About the Lack of Severance

In June, Regent and Boundless Learning executives (and it is worth pointing out that the top leadership has not changed with the sale) changed corporate policy in two regards: no more 401(k) matching and no severance for layoffs. According to my sources, Boundless executives justified these change claiming that most American companies do the same thing (which is not accurate, particularly in the tech industry). And that was that.

When employees were notified about the layoffs, Boundless had already cut off the cameras and microphones on employee computers. Shortly after the notification, all access was cut off (email, internal systems, etc).

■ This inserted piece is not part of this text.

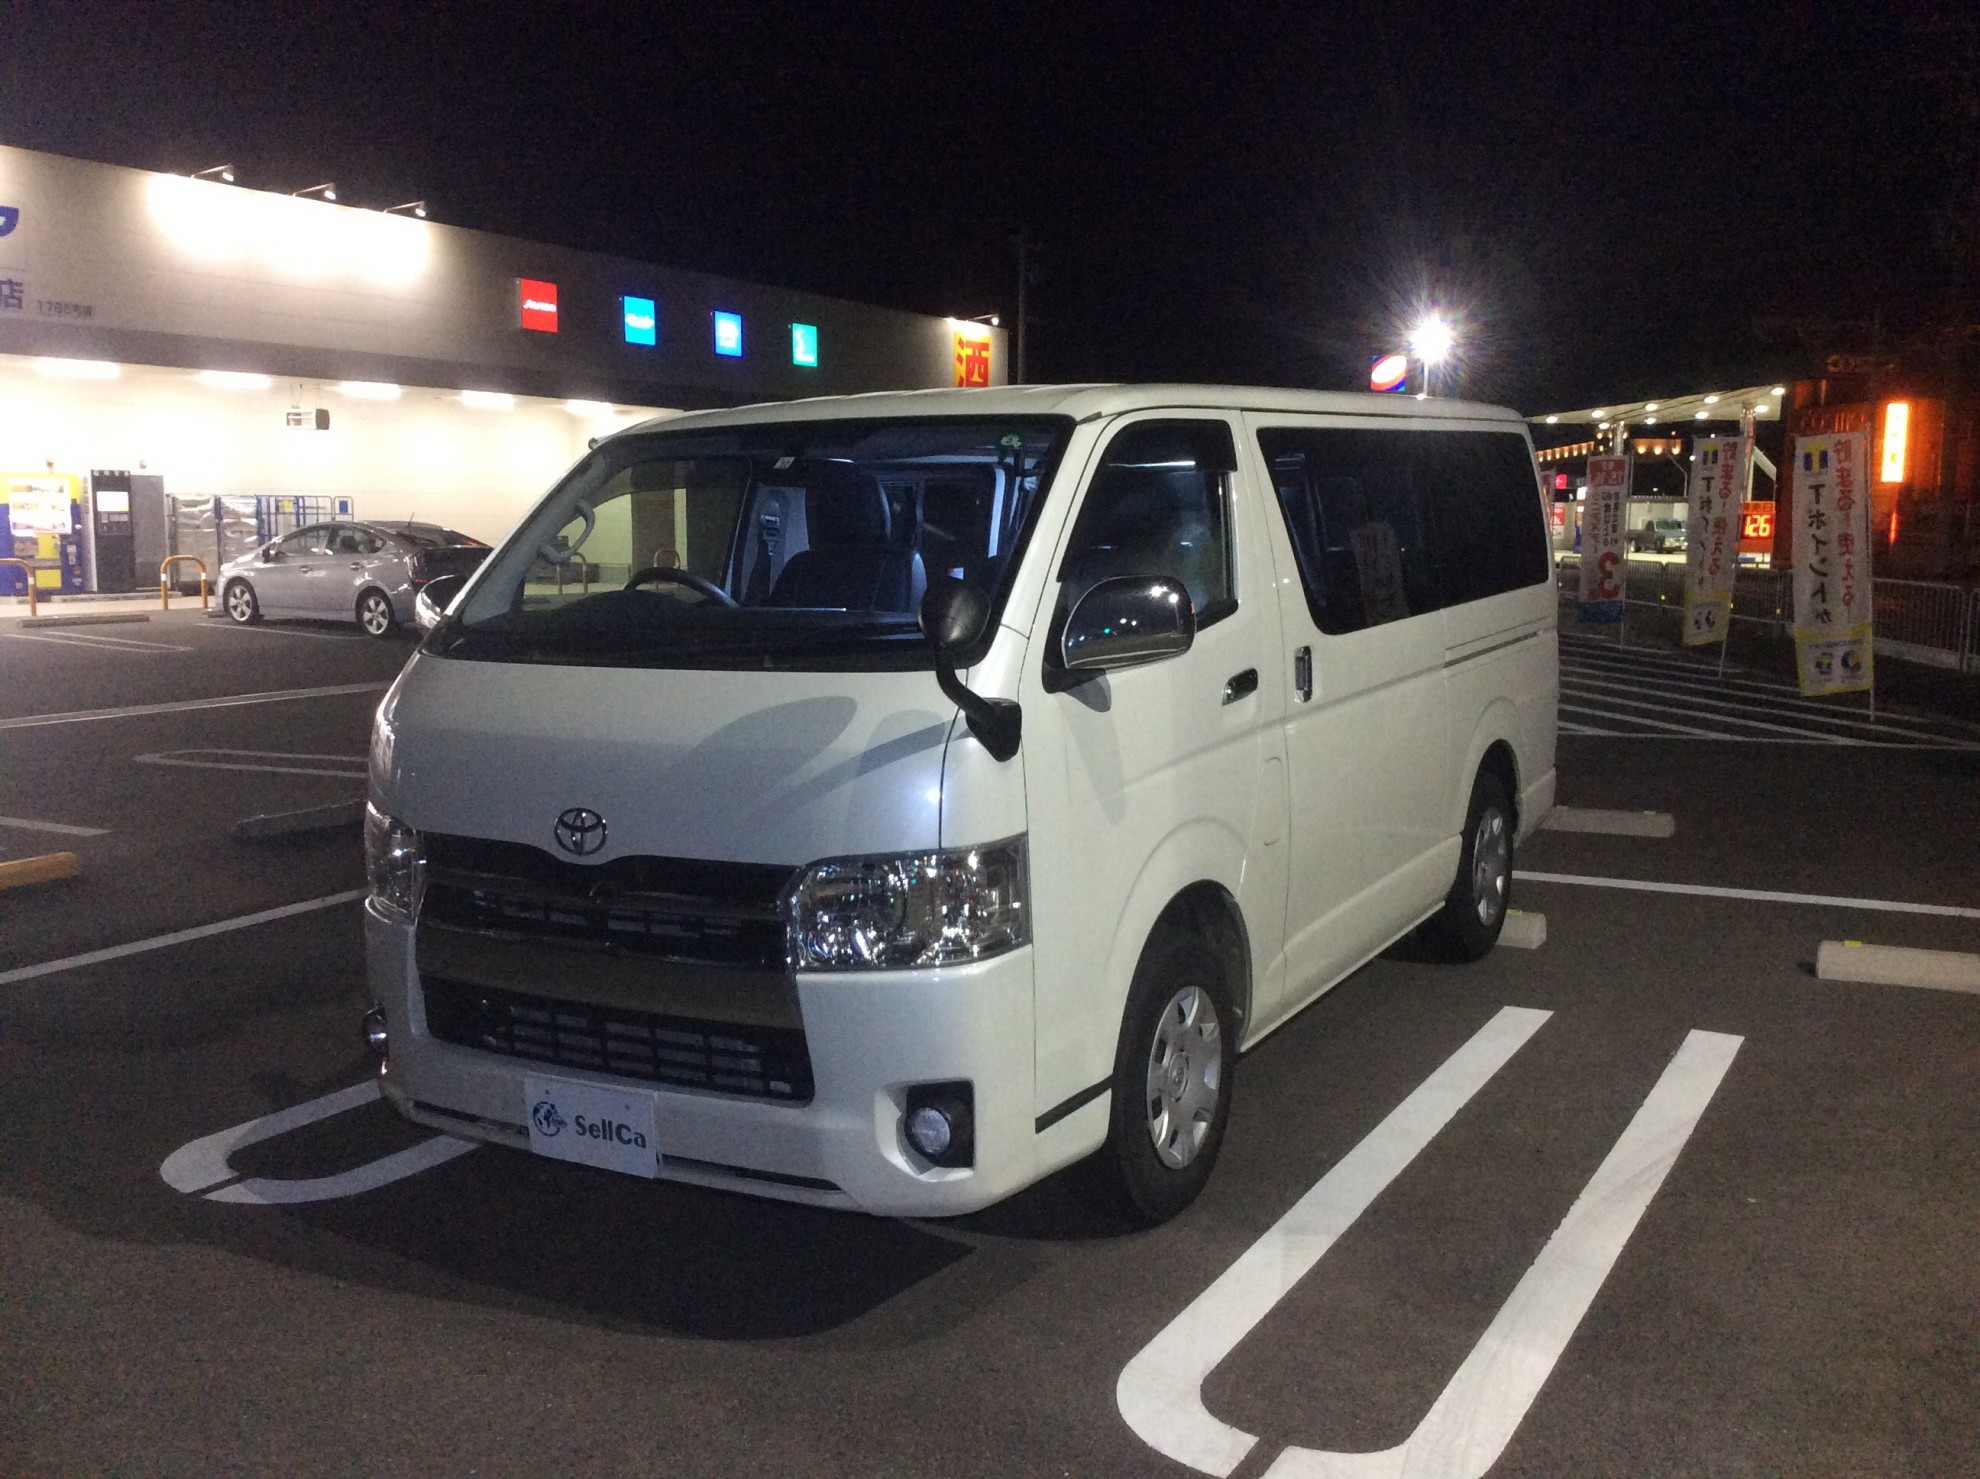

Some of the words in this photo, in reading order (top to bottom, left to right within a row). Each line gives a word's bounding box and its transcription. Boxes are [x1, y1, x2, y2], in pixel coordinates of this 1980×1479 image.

[956, 337, 989, 388] 酒
[1744, 514, 1771, 537] 126
[574, 1114, 648, 1149] SellCa
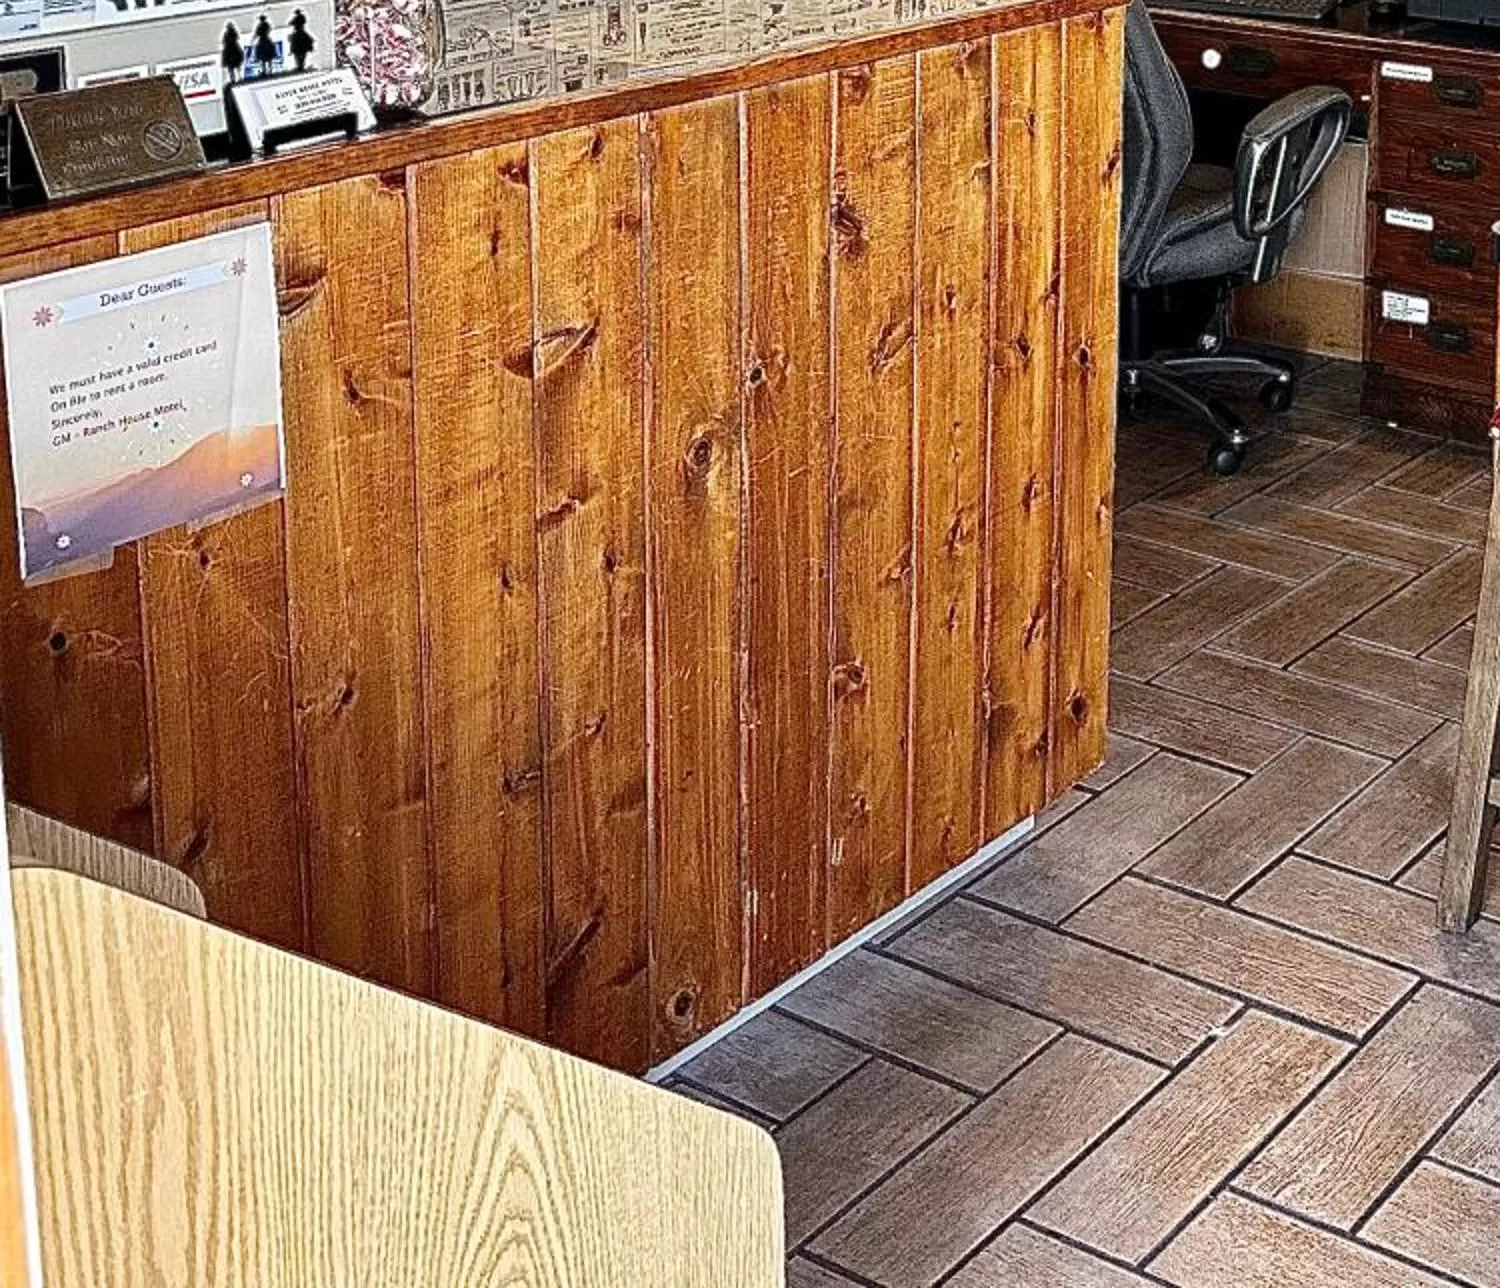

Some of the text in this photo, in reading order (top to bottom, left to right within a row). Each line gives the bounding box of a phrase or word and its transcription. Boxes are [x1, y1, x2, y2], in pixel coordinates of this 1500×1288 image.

These were moves that clearly Pearson was unwilling or unable to make.

Based on TheLayoff discussions, it appears that Regent made similar moves at another portfolio company, Zulily. No severance, no payout for paid time off, no insurance coverage, mass meeting notification. These moves are deliberate and, I believe, part of the reason for the acquisition.

I understand the need for controlling costs and layoffs, but how a company handles these moves matters. And doing so with no notice and no severance is the wrong thing to do and reflects poorly on the character of leadership and ownership.

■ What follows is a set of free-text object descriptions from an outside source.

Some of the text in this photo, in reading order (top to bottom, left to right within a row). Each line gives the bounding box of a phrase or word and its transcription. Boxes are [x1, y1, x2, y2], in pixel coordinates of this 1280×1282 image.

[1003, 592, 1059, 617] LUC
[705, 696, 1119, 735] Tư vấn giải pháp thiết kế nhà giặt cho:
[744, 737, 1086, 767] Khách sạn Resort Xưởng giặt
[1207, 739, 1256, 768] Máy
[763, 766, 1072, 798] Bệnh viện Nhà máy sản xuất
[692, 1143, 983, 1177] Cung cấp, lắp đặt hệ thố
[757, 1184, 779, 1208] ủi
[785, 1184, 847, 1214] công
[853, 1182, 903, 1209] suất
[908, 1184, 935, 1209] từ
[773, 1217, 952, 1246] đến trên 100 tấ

About the Lack of Branding

Typically there would be a big effort to rebrand the organization after a sale. Establish the brand, try to assure current clients that all is well, and to position the organization to try and obtain new clients. Yet none of that has been done in this case. I only found out that the sale was complete based on a footnote in Pearson’s half-year earnings release. The POLS page is still active on Pearson’s site, and Regent LP does not list Boundless Learning.

There is a preliminary page at LinkedIn, however, as well as a stub website.

Why would Boundless schedule the rebranding until more than a month after the sale was complete? One guess is that there are already two education-related companies named Boundless Learning. One is a center associated with Johns Hopkins University’s school of education, and the other is a tutoring company in the K-12 space. Clearly Boundless Learning the OPM company does not control the name, and there is overlap in the URLs. I wonder if Boundless simply did not do their branding and trademark research ahead of time, or is there some other reason for this gap in branding.

Pearson’s Hands

The reason that I believe Pearson is complicit in how the changes have been made is that the company still sells to higher education institutions, including the ones that were its OPM partners. And because Pearson agreed to a deal where its payment for the sale is directly based on these cuts: 27.5% of adjusted EBITDA - with little or no offset for the cost of the layoffs.

Expect more coverage here, including commentary on company strategy beyond cost-cutting and rebranding.